Bamidbar 16:29

אִם־כְּמ֤וֹת כָּל־הָֽאָדָם֙ יְמֻת֣וּן אֵ֔לֶּה וּפְקֻדַּת֙ כָּל־הָ֣אָדָ֔ם יִפָּקֵ֖ד עֲלֵיהֶ֑ם לֹ֥א יְהוָ֖ה שְׁלָחָֽנִי׃

If these men die as all men do, if their lot be the common fate of all mankind, it was not the LORD who sent me.

How can Moshe say that if Korach and his followers aren't killed miraculously, then that means that Hashem didn't send him? Maybe Korach and his followers will do Teshuva and live!

  • I think you need to analyze the first few words a bit more. It says "If they die..." I'm inferring that if they do teshuva, they will not die. Assuming this interpretation, there is no conflict.
    – DanF
    Jun 21, 2017 at 15:01
  • @DanF, so they'd live forever?
    – msh210
    Jun 22, 2017 at 2:57
  • @msh210 Die immediately. Also, it says, "die as all humans die". I'm inferring that means from aging, illness, etc. in short a "natural" death, not by some miracle.
    – DanF
    Jun 22, 2017 at 3:11
  • @DanF So if they do Teshuva and die of old age wouldn't that mean that Moshe is saying Hashem didn't send him?
    – Eliyahu
    Jun 22, 2017 at 3:13
  • @Eliyahu that's what I infer. It may be incorrect. But, I'm also inferring that Moshe may not be implying that they would die immediately. It may be an incorrect interpretation, though.
    – DanF
    Jun 22, 2017 at 3:16

3 Answers 3


Had Korach done teshuvah, then he would have admitted that Moshe Rabbeinu was correct and begged for forgiveness. Thus, Moshe's prophecy and mission would have been proven correct by Korach's own admission. It is only the fact that they indeed died shows that they did not do teshuvah and the misah meshuna was in order to teach the special lesson.Rav Hirsch points out:

[If] they had died ordinary deaths and met with ordinary fatal accidents which would be no less the fulfilment of Hashem's pronouncement, still such a death and such a fate could not sserve as a proof of the mission of Moshe being at Hashem's behest. For that mission was based on the intervention of Hashem which was accomplished in a manner beyond the natural order of things, by which Hashem wished to show Himself as standing in free power over and beyond the laws of nature


I just saw that Rabbi Zweig answered this in the Insights last year:

The answer is that in this case teshuvah would not have worked to save them from death. Moshe was not predicting that Hashem would perform a miracle in order to demonstrate who was correct. Rather, he was invoking his authority as the king of B’nei Yisroel to have those who rebelled against his authority put to death. The Torah gives a king that right, and Moshe exercised that right by asking Hashem to carry out the sentence through a miracle. The sentence of death itself, though, was based on his royal prerogative.

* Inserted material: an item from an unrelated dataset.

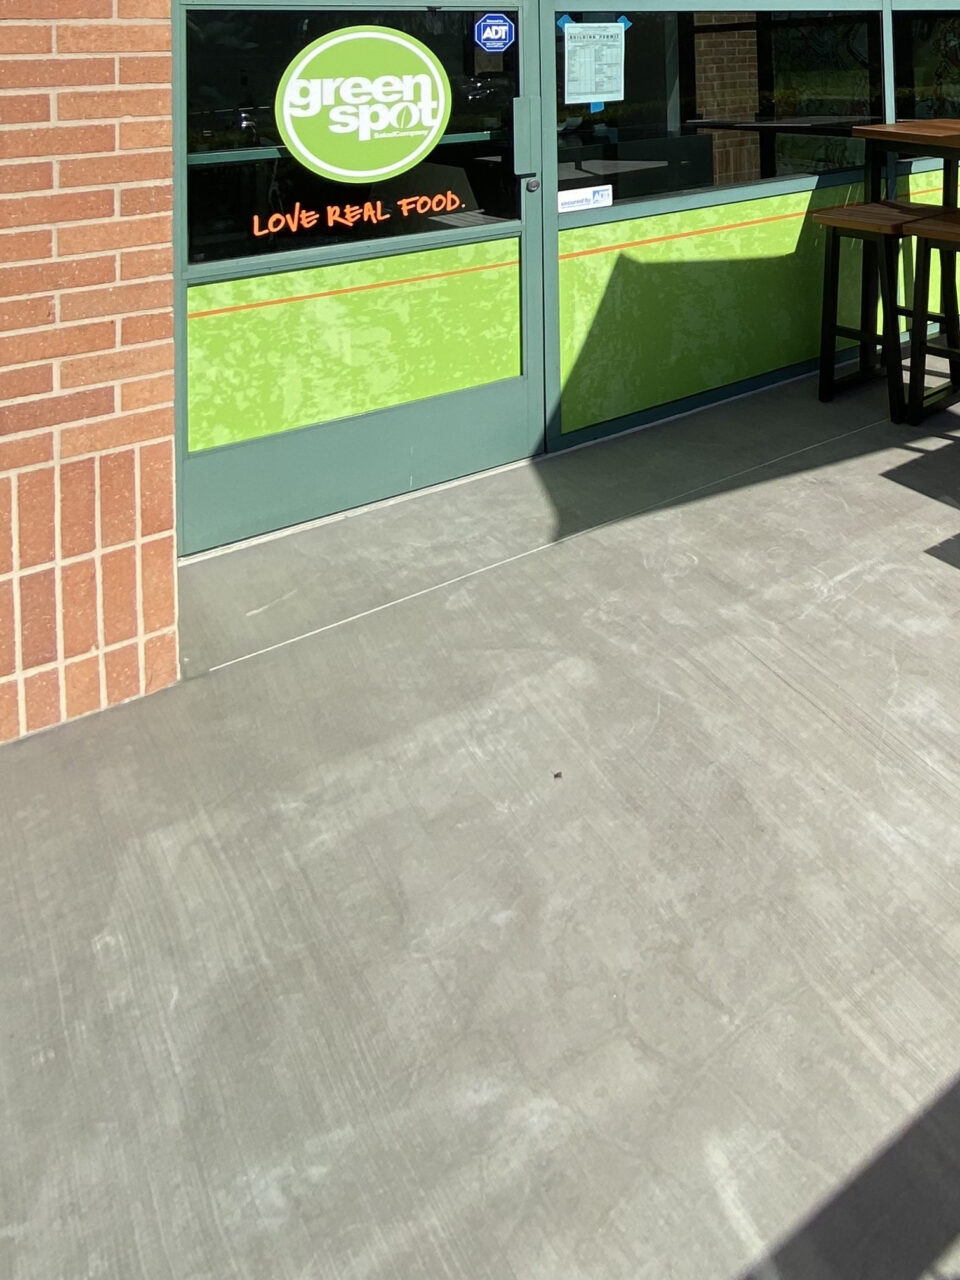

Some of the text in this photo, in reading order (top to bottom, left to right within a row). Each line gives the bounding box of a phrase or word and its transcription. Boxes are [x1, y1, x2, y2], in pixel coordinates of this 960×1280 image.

In the Torah’s judicial system, no sinner can save himself by repenting from a punishment imposed by man. In fact, we are required to urge every person who is about to be executed to engage in teshuvah, even though the execution will not be cancelled as a result. Clearly, the purpose of the teshuvah is to have a beneficial effect on his soul in the World to Come, even though the Beis Din is still required to carry out the sentence of death. Likewise, Korach and his cohorts were unable to save themselves by repenting, because their deaths were the result of Moshe’s decree, not a divinely imposed punishment. Moshe simply asked Hashem to carry out that decree for him.

Although it isn't 100% clear, I understand this to mean that this was proving that Moshe was appointed king, not that Aharon was supposed to be Kohen Gadol.


Doing Teshuva doesn't prevent God from killing you, particularly when there is lingering damage.

Once Moses essentially threatened Korach, if Korach would just say "never mind, I do teshuva, everyone obey moses" people would see Moses' leadership questioned and their faith in him would weaken, even if Korach did repent his transgression.

Secondly, it wasn't much of a gamble because Moses knew God sent him and he knew God could do all sorts of miracles.

Thirdly, God could have told Moses what he planned to do

Fourthly, Moses could have personally killed Korach's people the same way he killed the Egyptian even if God decided not to do a miracle.

  • As is, this answer seems based on your own analysis, but nothing is sourced. I think the 2nd paragraph is the "trend" explained by most commentators. "Fourthly" seems impossible in line with what Moses is saying. He clearly indicates that the death would be caused by G-d, not by him.